Figure 2. Validating estimations on the number of species. We compared the number of species
estimated from the higher-taxon approach implement here to the known number of species in
relatively well-studied taxonomic groups as derived from published sources [28]. We also used
estimations from multimodel averaging from species accumulation curves for taxa with nearcomplete inventories. In total, we obtained data for 18 taxonomic groups for which estimates were
available and for which our approach yielded an estimate. Vertical lines indicate the range of
variation in the number of species from different sources. The dotted line indicates the 1:1 ratio.

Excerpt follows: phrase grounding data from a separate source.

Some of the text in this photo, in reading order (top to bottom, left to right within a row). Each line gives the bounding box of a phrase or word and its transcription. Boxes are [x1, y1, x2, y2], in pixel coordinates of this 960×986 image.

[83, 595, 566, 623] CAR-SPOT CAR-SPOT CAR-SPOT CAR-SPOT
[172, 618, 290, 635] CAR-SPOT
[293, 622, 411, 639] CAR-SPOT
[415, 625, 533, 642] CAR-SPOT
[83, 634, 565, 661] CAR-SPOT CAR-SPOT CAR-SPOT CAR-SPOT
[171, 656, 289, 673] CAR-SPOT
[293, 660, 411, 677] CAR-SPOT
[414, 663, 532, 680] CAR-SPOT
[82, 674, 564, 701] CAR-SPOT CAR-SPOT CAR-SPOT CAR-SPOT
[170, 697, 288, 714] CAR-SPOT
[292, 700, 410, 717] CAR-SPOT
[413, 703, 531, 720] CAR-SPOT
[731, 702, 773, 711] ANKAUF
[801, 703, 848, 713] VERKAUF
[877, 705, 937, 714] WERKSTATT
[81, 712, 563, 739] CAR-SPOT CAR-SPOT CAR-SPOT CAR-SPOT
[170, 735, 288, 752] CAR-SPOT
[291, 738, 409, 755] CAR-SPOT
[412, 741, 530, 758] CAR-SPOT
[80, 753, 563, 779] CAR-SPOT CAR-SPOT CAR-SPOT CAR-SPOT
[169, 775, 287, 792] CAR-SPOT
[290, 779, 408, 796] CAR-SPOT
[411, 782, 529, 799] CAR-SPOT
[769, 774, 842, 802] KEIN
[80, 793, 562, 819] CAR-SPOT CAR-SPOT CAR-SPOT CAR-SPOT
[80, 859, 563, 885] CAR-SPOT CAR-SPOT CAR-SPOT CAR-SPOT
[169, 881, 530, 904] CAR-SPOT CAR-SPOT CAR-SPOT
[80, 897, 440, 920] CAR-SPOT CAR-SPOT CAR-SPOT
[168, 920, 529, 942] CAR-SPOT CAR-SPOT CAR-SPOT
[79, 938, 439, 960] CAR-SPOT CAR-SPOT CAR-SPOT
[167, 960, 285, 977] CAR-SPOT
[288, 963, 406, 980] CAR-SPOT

Figure 3. Frequency distribution of the number of subordinate taxa at different taxonomic
levels. For display purposes we present only the data for Animalia; lines and test statistics are from
a regression model fitted with a power function.
Figure 1
Figure 2
Figure 3
Fig. S1. Completeness of the higher taxonomy of kingdoms of life on Earth. Columns 1 to 6 indicate the temporal
accumulation of the number of taxa at each taxonomic rank (blue lines). The horizontal red lines indicate the consensus
mean on the number of taxa (see Methods). The plots on the far right show the relationship between the number of taxa
and the numerical rank (y-axis is in double log10). Vertical red areas indicate the 95% prediction interval on the number
of species. Blue symbols indicate the currently cataloged number of taxa and red symbols the consensus mean. Where
only blue symbols are shown the catalogued and consensus means overlapped. Note that predictions of the number of
species are based on weighted averages of multiple models (see Methods).

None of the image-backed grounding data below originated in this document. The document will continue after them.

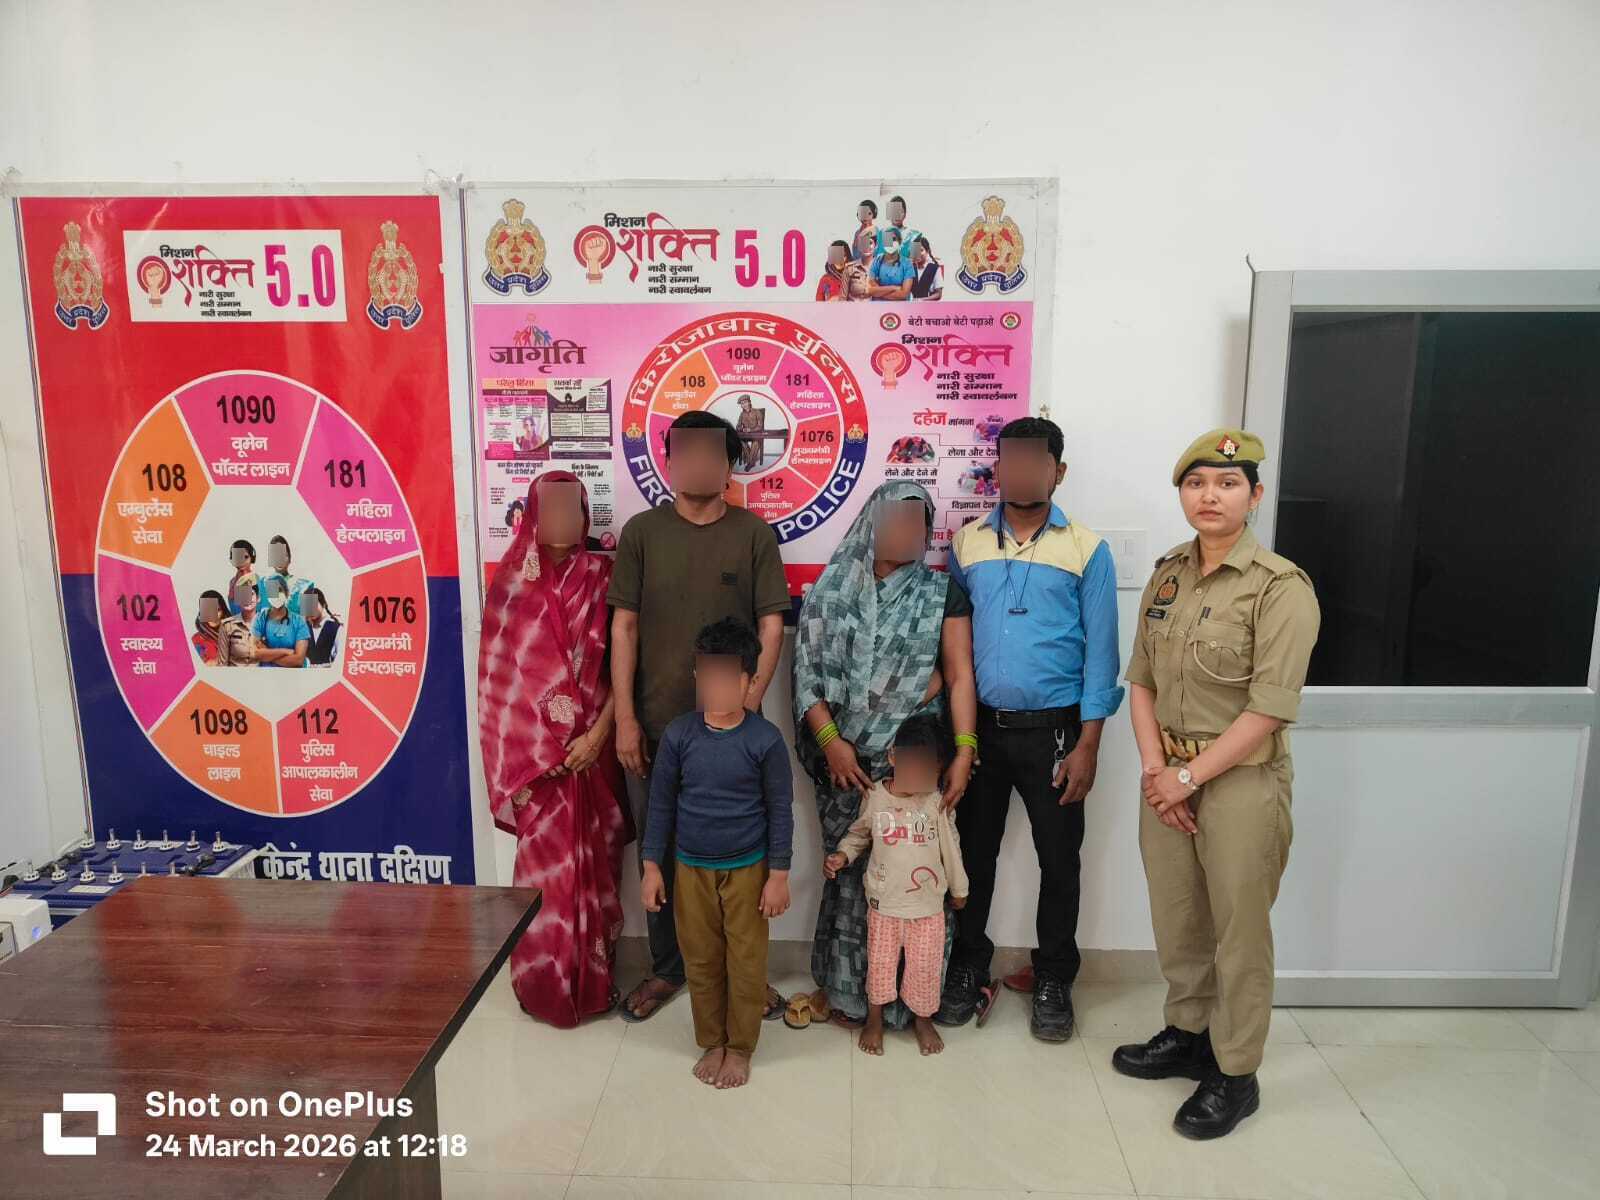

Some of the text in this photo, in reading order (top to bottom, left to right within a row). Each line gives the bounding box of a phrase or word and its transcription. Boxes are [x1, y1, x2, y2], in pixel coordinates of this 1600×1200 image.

[604, 212, 646, 228] मिशन
[159, 245, 195, 258] मिशन
[616, 212, 720, 283] शक्ति
[648, 263, 693, 275] नारी सुरक्षा
[735, 229, 806, 288] 5.0
[172, 244, 255, 307] शक्ति
[264, 244, 336, 308] 5.0
[648, 274, 666, 283] नारी
[648, 285, 666, 294] नारी
[908, 315, 923, 326] बेटी
[925, 315, 951, 326] बचाओ
[953, 315, 968, 326] बेटी
[901, 333, 942, 344] मिशन
[489, 340, 588, 374] जागृति
[727, 347, 761, 360] 1090
[912, 334, 1014, 382] शक्ति
[789, 327, 859, 405] पुलिस
[680, 375, 706, 388] 108
[785, 374, 810, 386] 181
[936, 371, 996, 383] नारी सुरक्षा
[936, 381, 960, 390] नारी
[936, 391, 960, 400] नारी
[217, 395, 276, 424] 1090
[913, 407, 947, 426] दहेज
[230, 431, 268, 458] वूमेन
[800, 431, 834, 442] 1076
[968, 446, 984, 457] और
[142, 463, 188, 492] 108
[211, 457, 290, 478] पॉवर लाइन
[324, 460, 366, 488] 181
[759, 479, 784, 490] 112
[346, 498, 393, 519] महिला
[776, 457, 861, 541] POLICE
[131, 525, 164, 545] सेवा
[335, 525, 407, 546] हेल्पलाइन
[116, 594, 162, 622] 102
[359, 596, 417, 624] 1076
[349, 632, 413, 657] मुख्यमंत्री
[132, 656, 157, 675] सेवा
[347, 655, 417, 677] हेल्पलाइन
[190, 708, 248, 735] 1098
[297, 708, 339, 735] 112
[203, 743, 241, 759] चाइल्ड
[300, 738, 335, 763] पुलिस
[207, 766, 241, 781] लाइन
[308, 784, 333, 802] सेवा
[319, 852, 374, 882] थाना
[376, 845, 452, 885] दक्षिण

Cont. Fig. S1. Completeness of the higher taxonomy of kingdoms of life in the ocean.
Fig. S2. Sensitivity analysis. One potential caveat in our approach is the degree to which estimations of the number of
species may change if higher taxonomy changes. To test this effect we performed a sensitivity analysis in which the
number of species was calculated after altering the number of higher taxa. We used Animalia as a test case. For each
possible combination of taxonomic levels, we chose a random proportion of taxa from 10 to 100% of the current
number of taxa and recalculated the number of species using the method described in this paper. The approach was
repeated 1000 times and the average and 95% confidence limits of the simulations are shown as points and dark areas,
respectively. Light gray lines and boxes indicate the currently estimated number of species and its 95% prediction
interval, respectively. Our current estimation of the number of species appear remarkably robust to changes in higher
taxonomy. As noted, results were only sensitive to changes in the number of phyla, and only when this number changed
by over 50% relative to the number of currently described phyla. For all other taxonomic levels, expected changes led to
predictions that remain within the confidence intervals of the currently estimated number of species.